Violences, le nouveau cinéma danois

Valhalla Rising

Violences, le nouveau cinéma danois

La Revue du Ciné-club universitaire, janvier 2018

Édito

"Il y a quelque chose de pourri au royaume du Danemark."
– William Shakespeare

Ces mots de Shakespeare, la nouvelle génération de cinéastes danois semble les comprendre mieux que personne. Ils les réactualisent perpétuellement et les hurlent à la face du monde dans des œuvres frappantes de violence et de noirceur. Ces réalisateurs portent un regard intransigeant sur leur pays et leur culture. Ils n’épargnent rien ni personne – surtout pas eux-mêmes – et exposent, en vrac, racisme, misogynie, inceste, pédophilie, inégalités sociales, enfer de la drogue et violences sexuelles. Plus que tout, ils se positionnent contre le politiquement correct omniprésent dans la société danoise, et n’ont de cesse de dénoncer son hypocrisie dans des films à l’humour grinçant.

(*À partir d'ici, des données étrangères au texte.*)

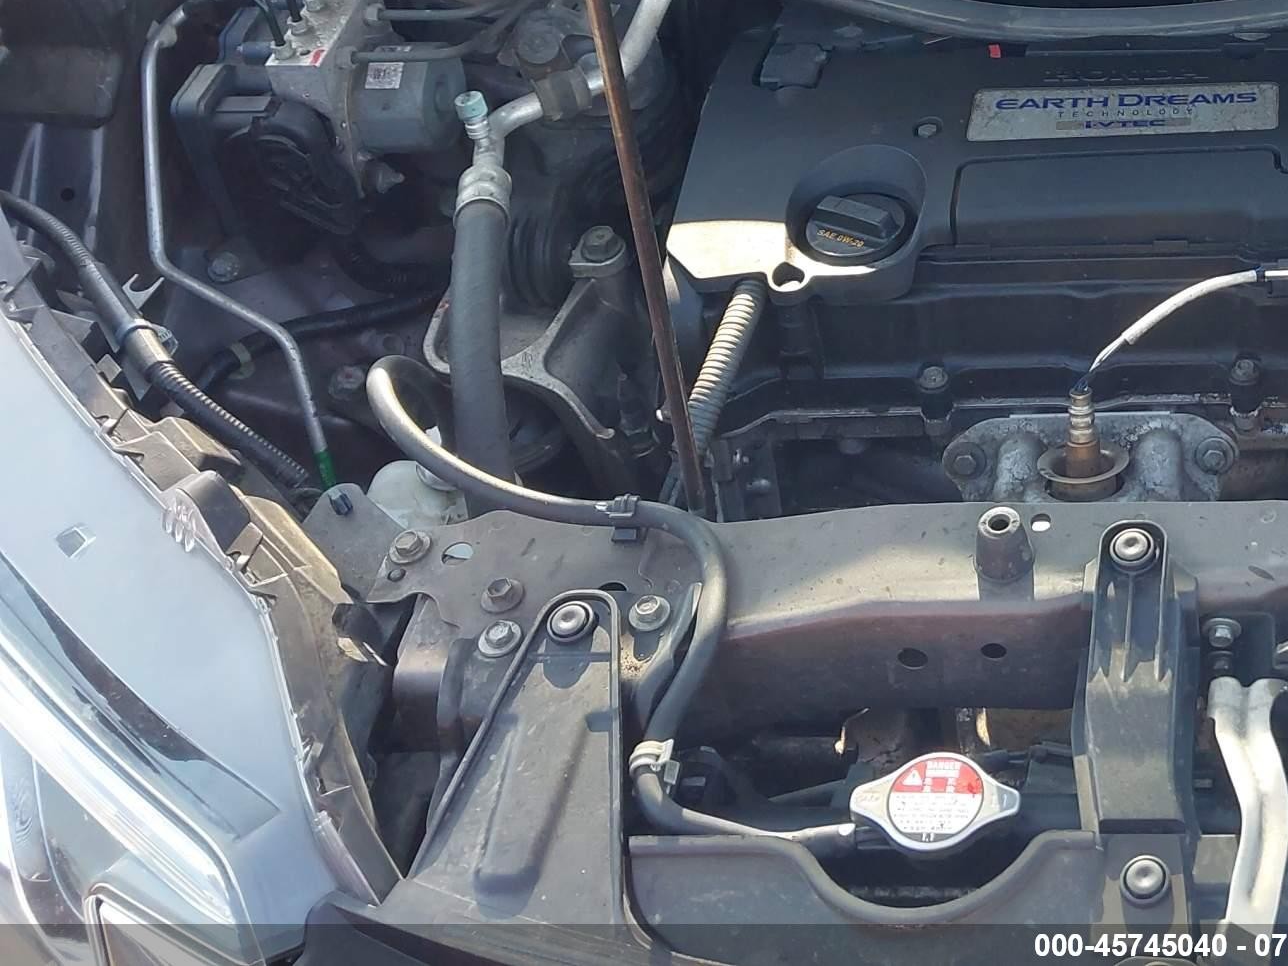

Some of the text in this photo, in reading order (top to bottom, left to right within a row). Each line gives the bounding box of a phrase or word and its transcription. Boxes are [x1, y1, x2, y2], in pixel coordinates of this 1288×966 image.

[995, 92, 1258, 110] EARTH DREAMS
[816, 229, 865, 248] SAE 0W-20

Il est curieux de constater une telle obsession de la violence sous toutes ses formes au sein d’un pays réputé pour être l’un des plus progressistes et des plus heureux au monde. La brutalité, la malveillance et la perversion humaines sont pourtant des thématiques centrales dans un grand nombre de leurs films, au point que l’on peut soupçonner leurs représentations de jouer un rôle d’exutoire. On retrouve d’ailleurs cette dimension quasi cathartique dans de nombreuses autres productions culturelles scandinaves. Le spectre de Bergman autant que celui de Dreyer hantent en effet les œuvres de ces réalisateurs. Leur manière, intime et cruelle, de traiter la question de la violence psychologique emprunte beaucoup au théâtre d’Ibsen et de Strindberg, tandis que le Cri silencieux d’Edvard Munch semble résonner jusqu’aux confins de leurs films.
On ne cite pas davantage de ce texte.